Instructions for the task: Your task is to retype every entry exactly while omitting the pictures.

Data listing:
%%
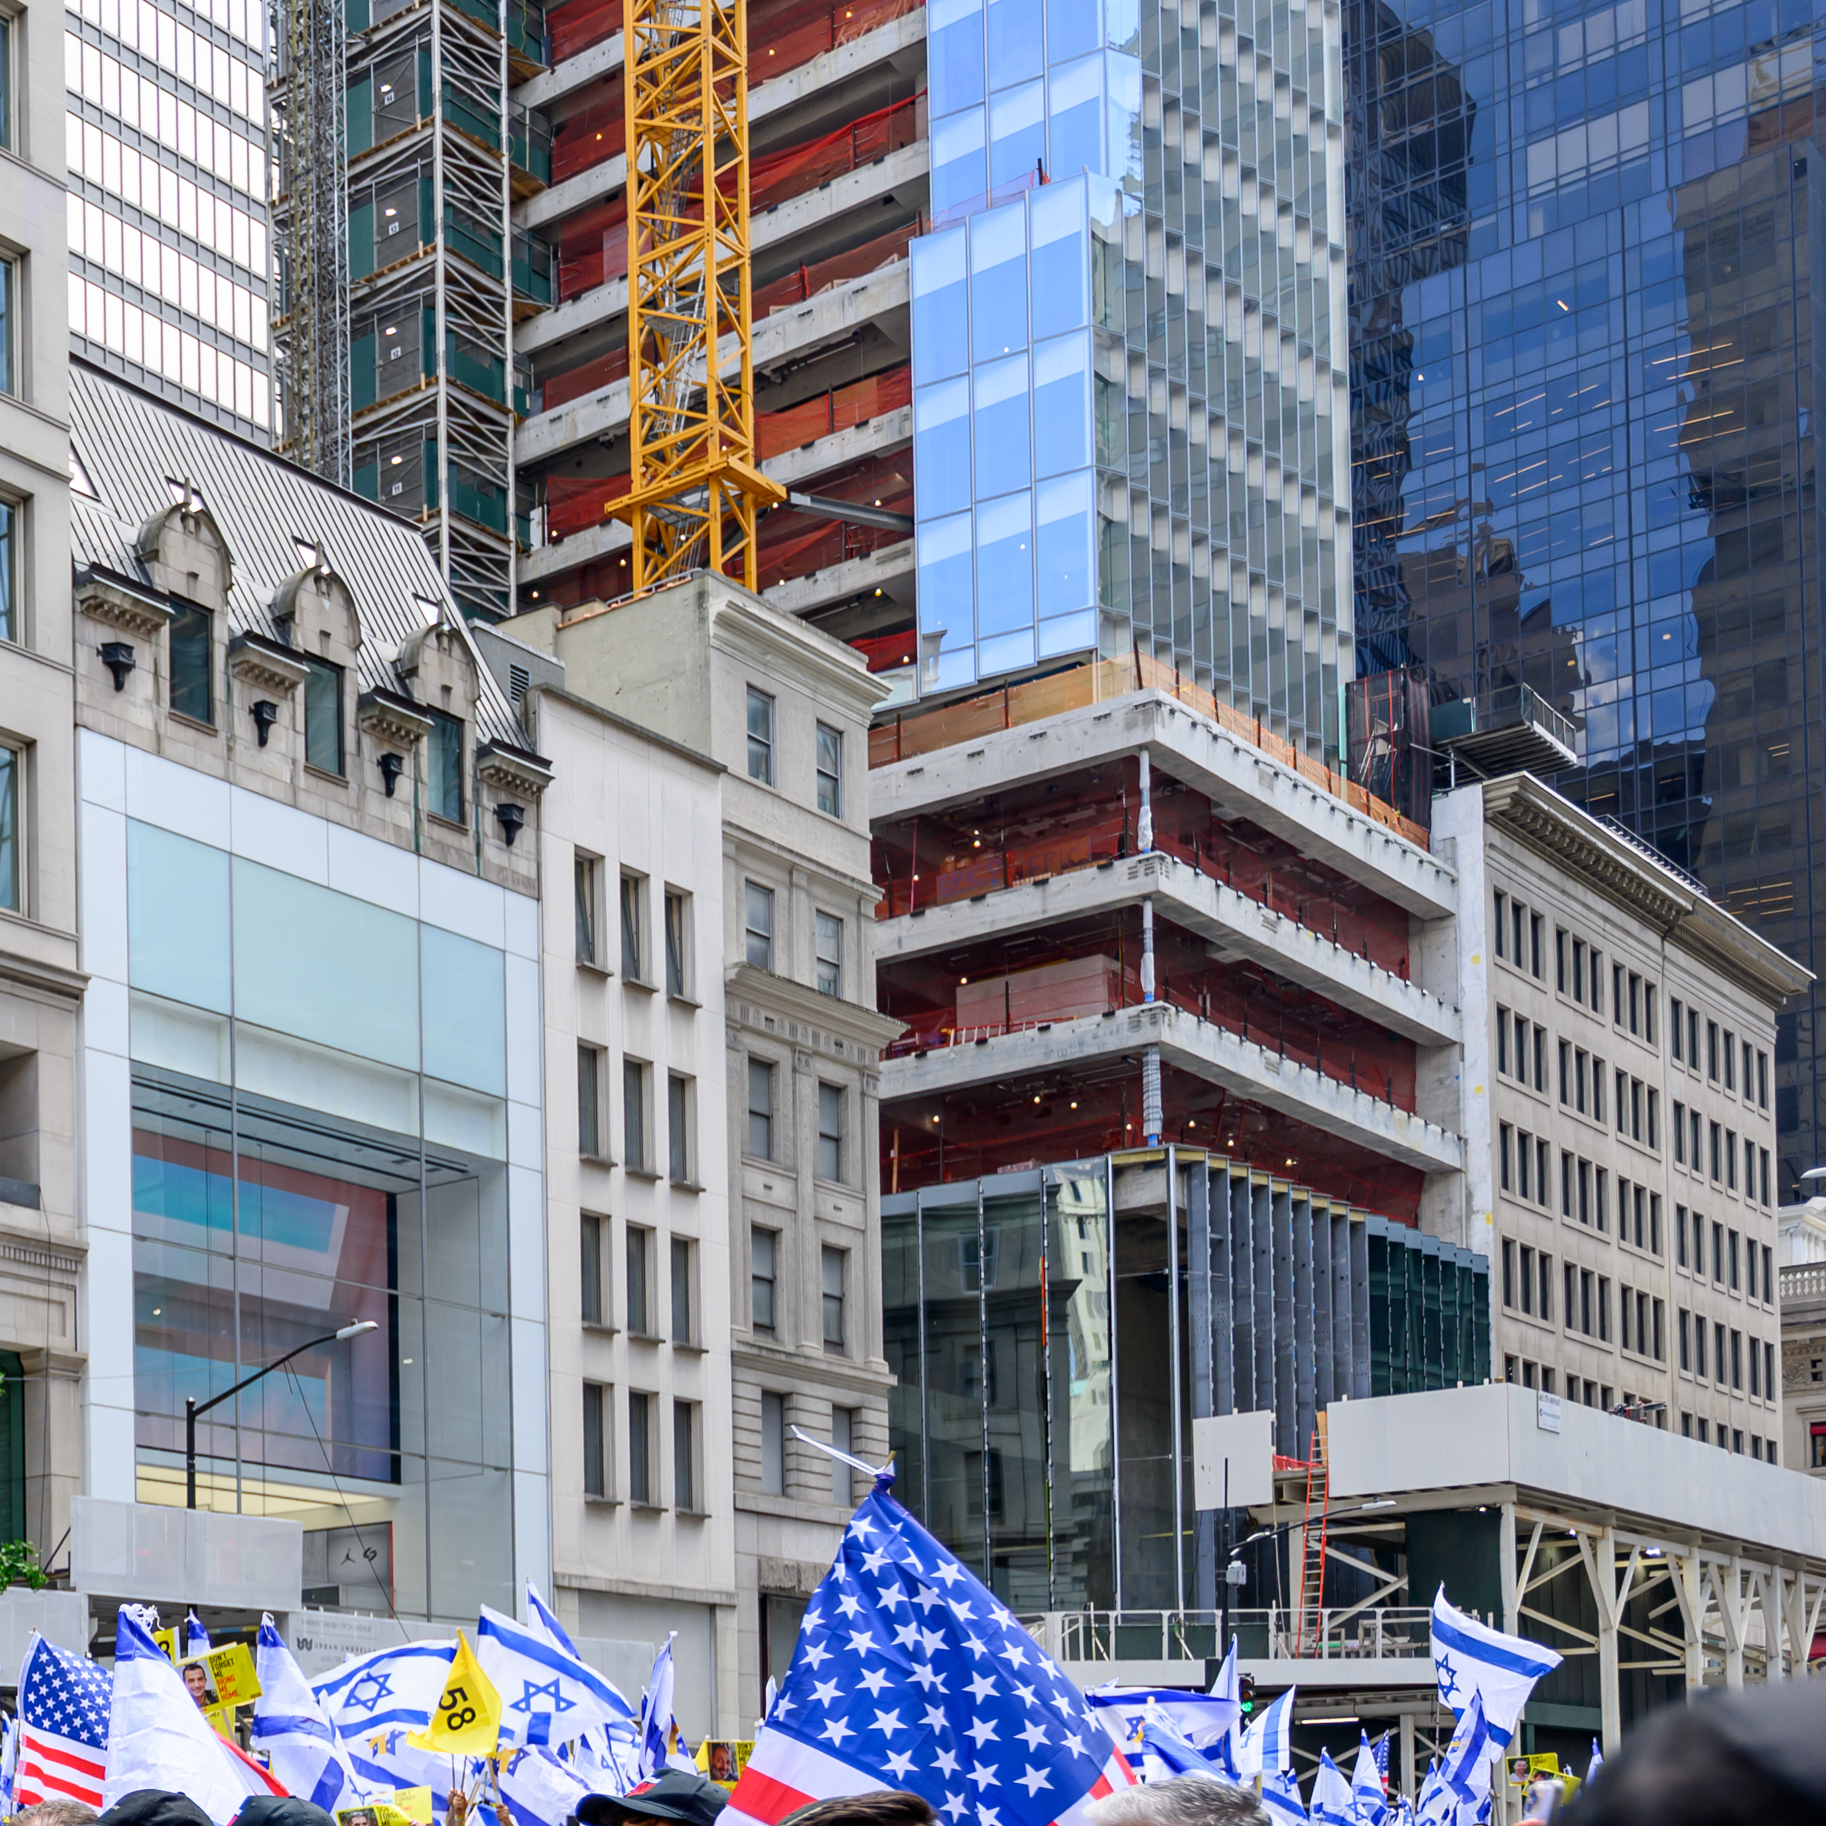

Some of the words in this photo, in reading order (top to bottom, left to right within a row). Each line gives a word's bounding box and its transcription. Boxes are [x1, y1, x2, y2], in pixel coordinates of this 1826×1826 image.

[314, 1642, 338, 1651] URBAN
[209, 1652, 227, 1663] DON'T
[211, 1658, 234, 1671] FORGET
[213, 1670, 223, 1678] ME
[216, 1674, 235, 1687] BRING
[218, 1685, 228, 1693] ME
[439, 1686, 476, 1732] 58
%%
Response:
Some of the words in this photo, in reading order (top to bottom, left to right within a row). Each line gives a word's bounding box and its transcription. Boxes are [x1, y1, x2, y2], in pixel coordinates of this 1826×1826 image.

[314, 1642, 338, 1651] URBAN
[209, 1652, 227, 1663] DON'T
[211, 1658, 234, 1671] FORGET
[213, 1670, 223, 1678] ME
[216, 1674, 235, 1687] BRING
[218, 1685, 228, 1693] ME
[439, 1686, 476, 1732] 58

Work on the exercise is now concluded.